### Task to carry out:
Below is a block of records: output all of them exactly and leave out the pictures.

### Task inputs:
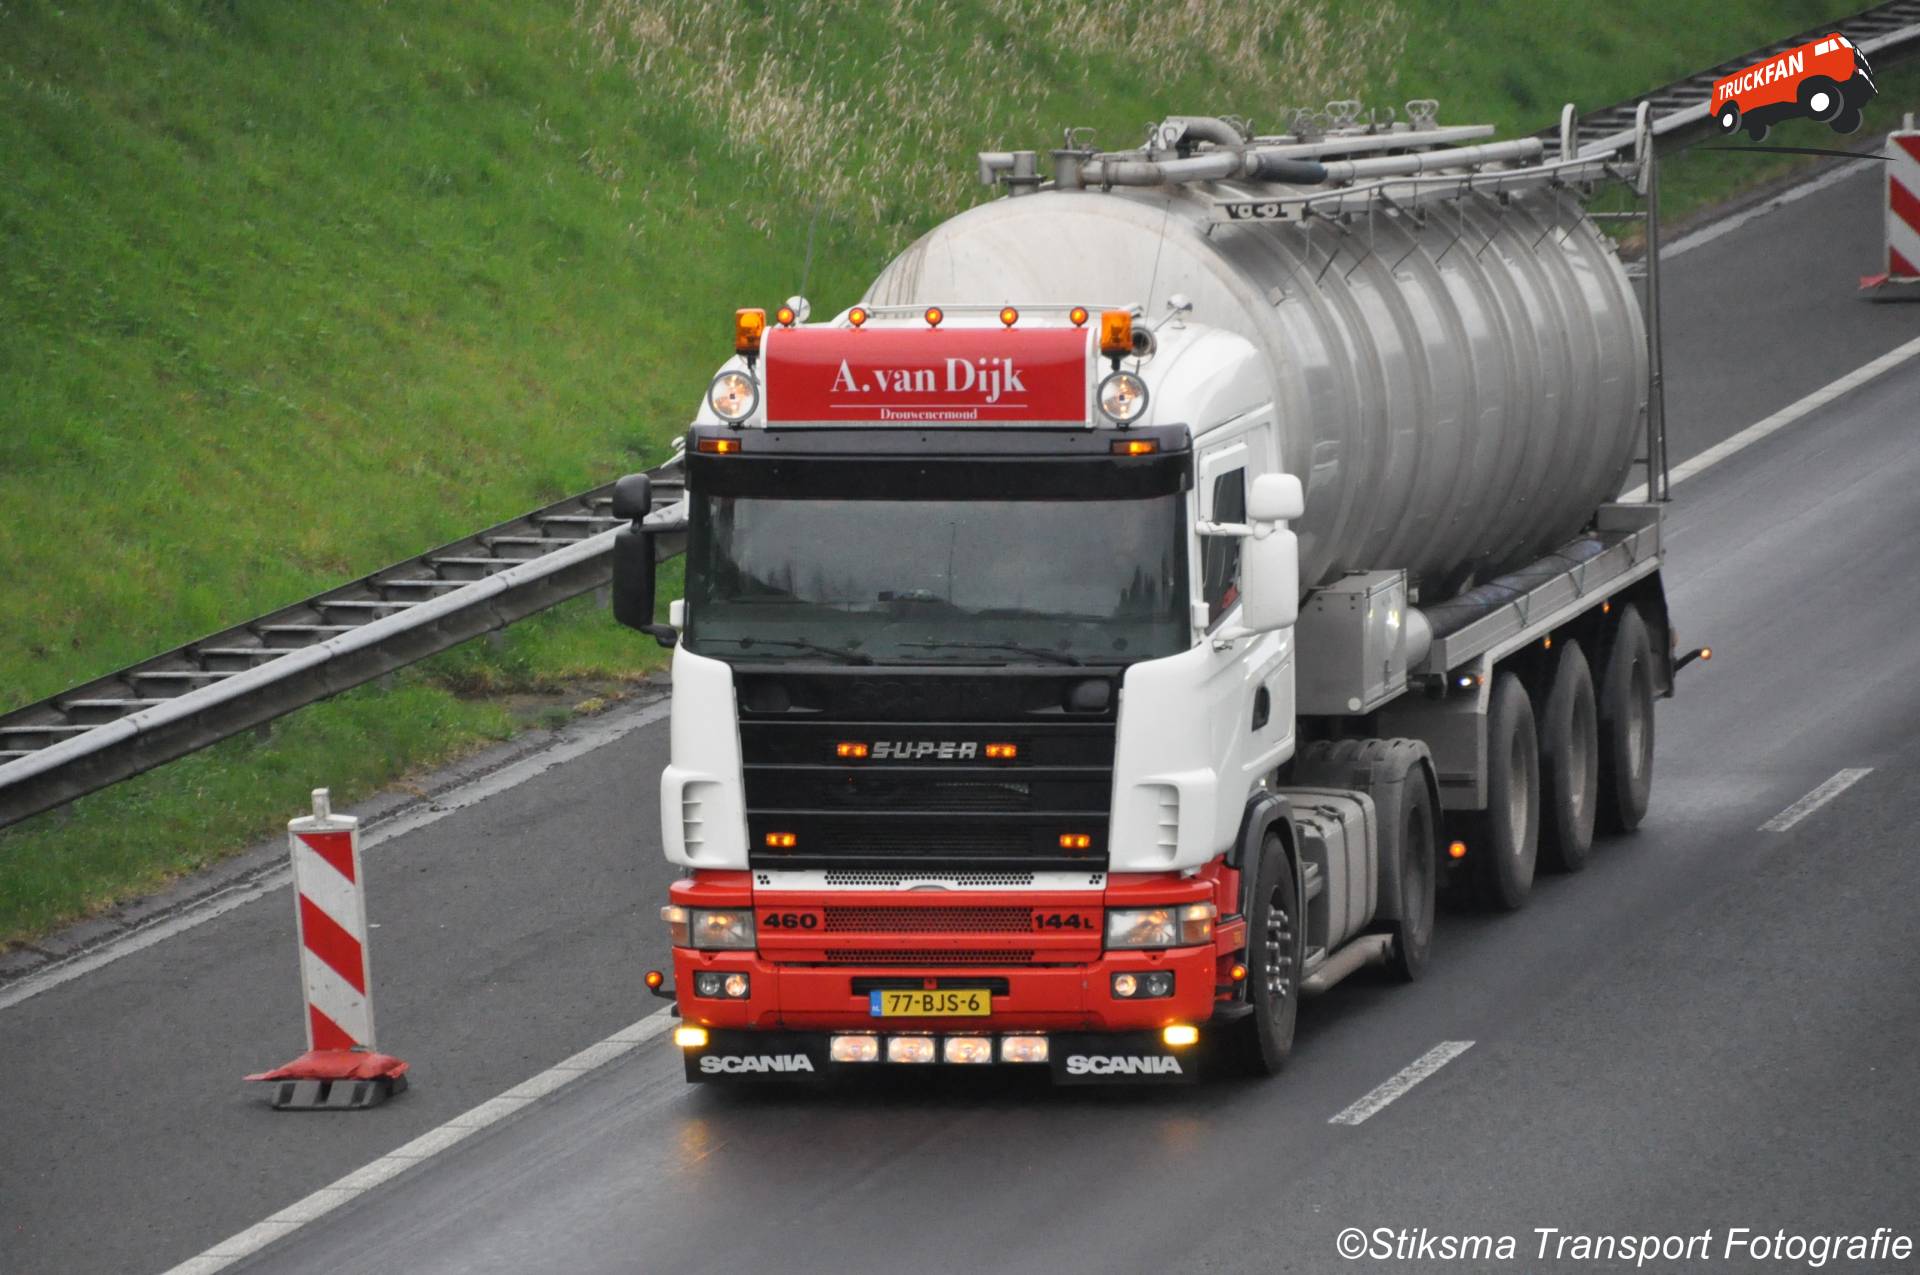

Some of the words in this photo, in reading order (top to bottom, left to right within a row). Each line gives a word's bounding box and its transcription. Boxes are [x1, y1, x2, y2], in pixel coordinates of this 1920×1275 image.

[944, 357, 1027, 403] Dijk
[880, 408, 978, 420] Drouwenermond
[872, 741, 978, 759] SUPER
[763, 912, 818, 929] 460
[889, 994, 980, 1012] 77-BJS-6
[700, 1053, 815, 1073] SCANIA
[1066, 1055, 1183, 1074] SCANIA
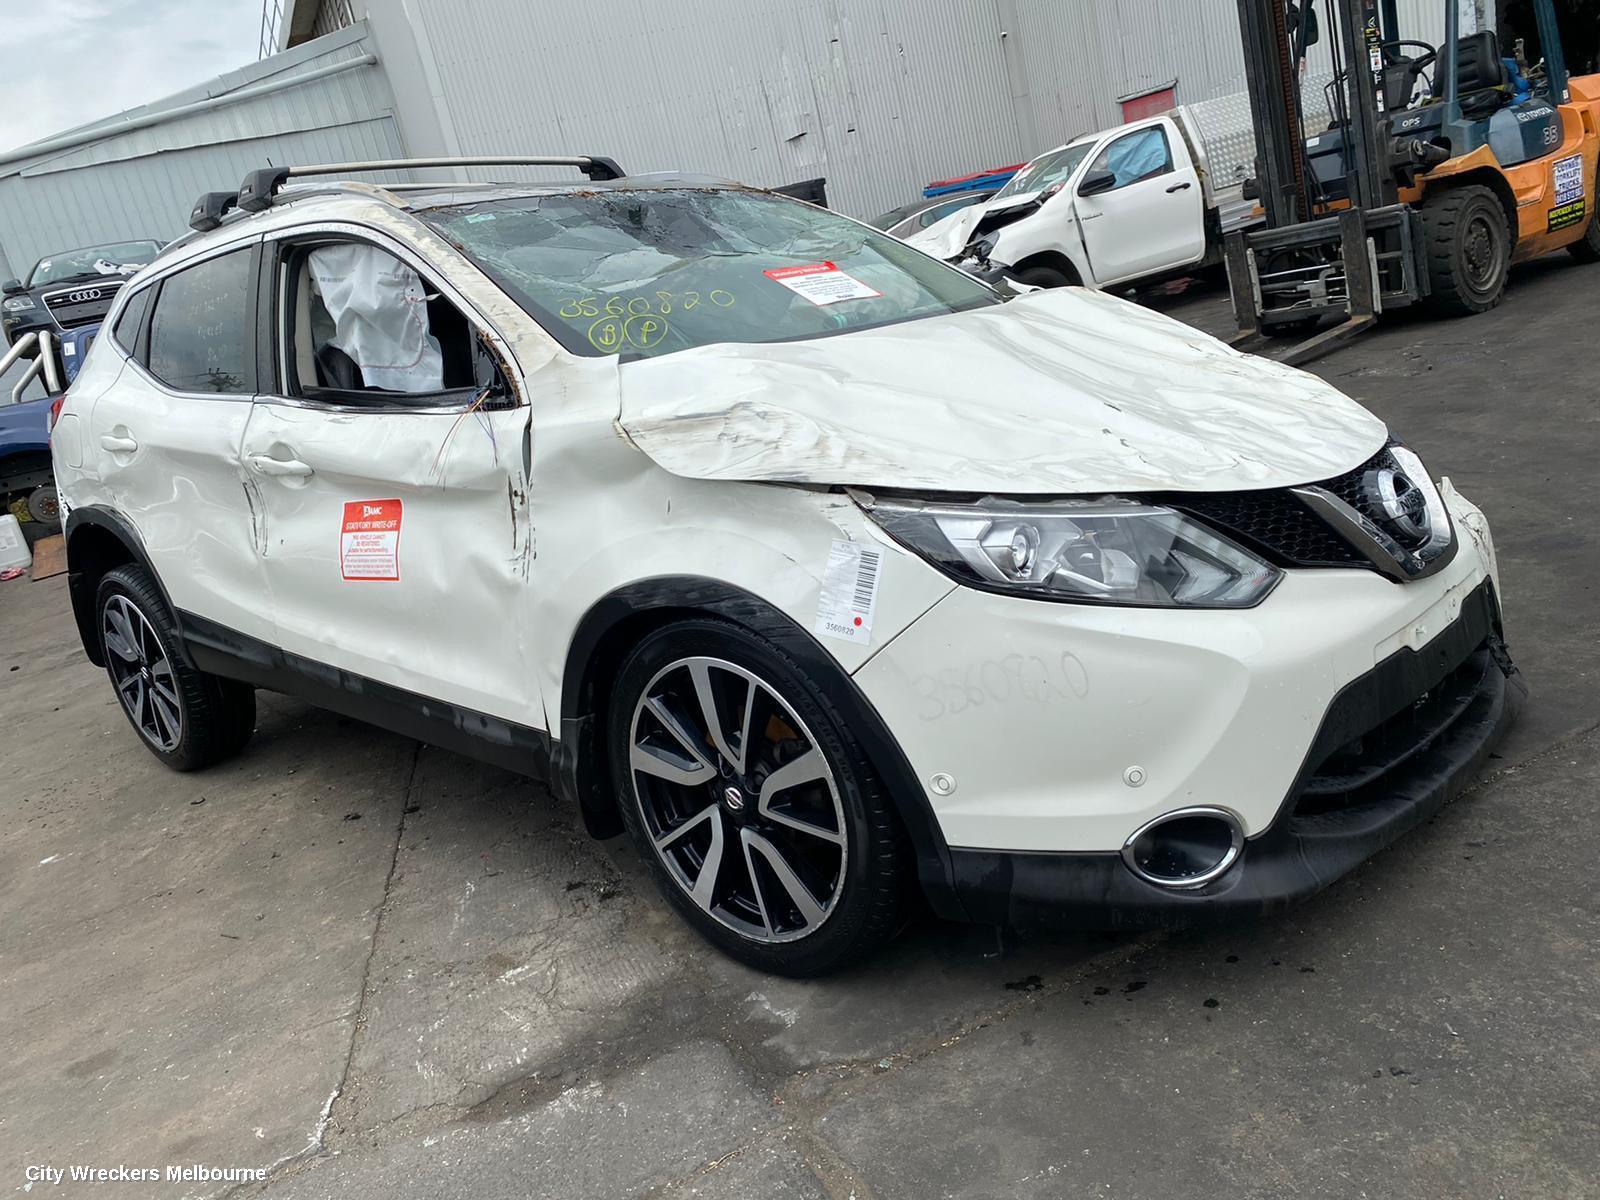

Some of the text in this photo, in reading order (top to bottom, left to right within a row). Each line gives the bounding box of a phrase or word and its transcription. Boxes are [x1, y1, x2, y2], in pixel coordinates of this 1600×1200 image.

[1526, 106, 1553, 119] TOYOTA
[1402, 117, 1420, 127] OPS
[1543, 125, 1558, 145] 35
[1556, 168, 1581, 181] FORKLIFT
[1558, 177, 1580, 191] TRUCKS
[560, 290, 735, 317] 3560820
[345, 520, 397, 530] STATUTORY WRITE-OFF
[825, 622, 855, 636] 3560820

### Exercise solution:
Some of the words in this photo, in reading order (top to bottom, left to right within a row). Each line gives a word's bounding box and its transcription. Boxes are [x1, y1, x2, y2], in pixel coordinates of this 1920×1275 image.

[944, 357, 1027, 403] Dijk
[880, 408, 978, 420] Drouwenermond
[872, 741, 978, 759] SUPER
[763, 912, 818, 929] 460
[889, 994, 980, 1012] 77-BJS-6
[700, 1053, 815, 1073] SCANIA
[1066, 1055, 1183, 1074] SCANIA

Some of the text in this photo, in reading order (top to bottom, left to right within a row). Each line gives the bounding box of a phrase or word and its transcription. Boxes are [x1, y1, x2, y2], in pixel coordinates of this 1600×1200 image.

[1526, 106, 1553, 119] TOYOTA
[1402, 117, 1420, 127] OPS
[1543, 125, 1558, 145] 35
[1556, 168, 1581, 181] FORKLIFT
[1558, 177, 1580, 191] TRUCKS
[560, 290, 735, 317] 3560820
[345, 520, 397, 530] STATUTORY WRITE-OFF
[825, 622, 855, 636] 3560820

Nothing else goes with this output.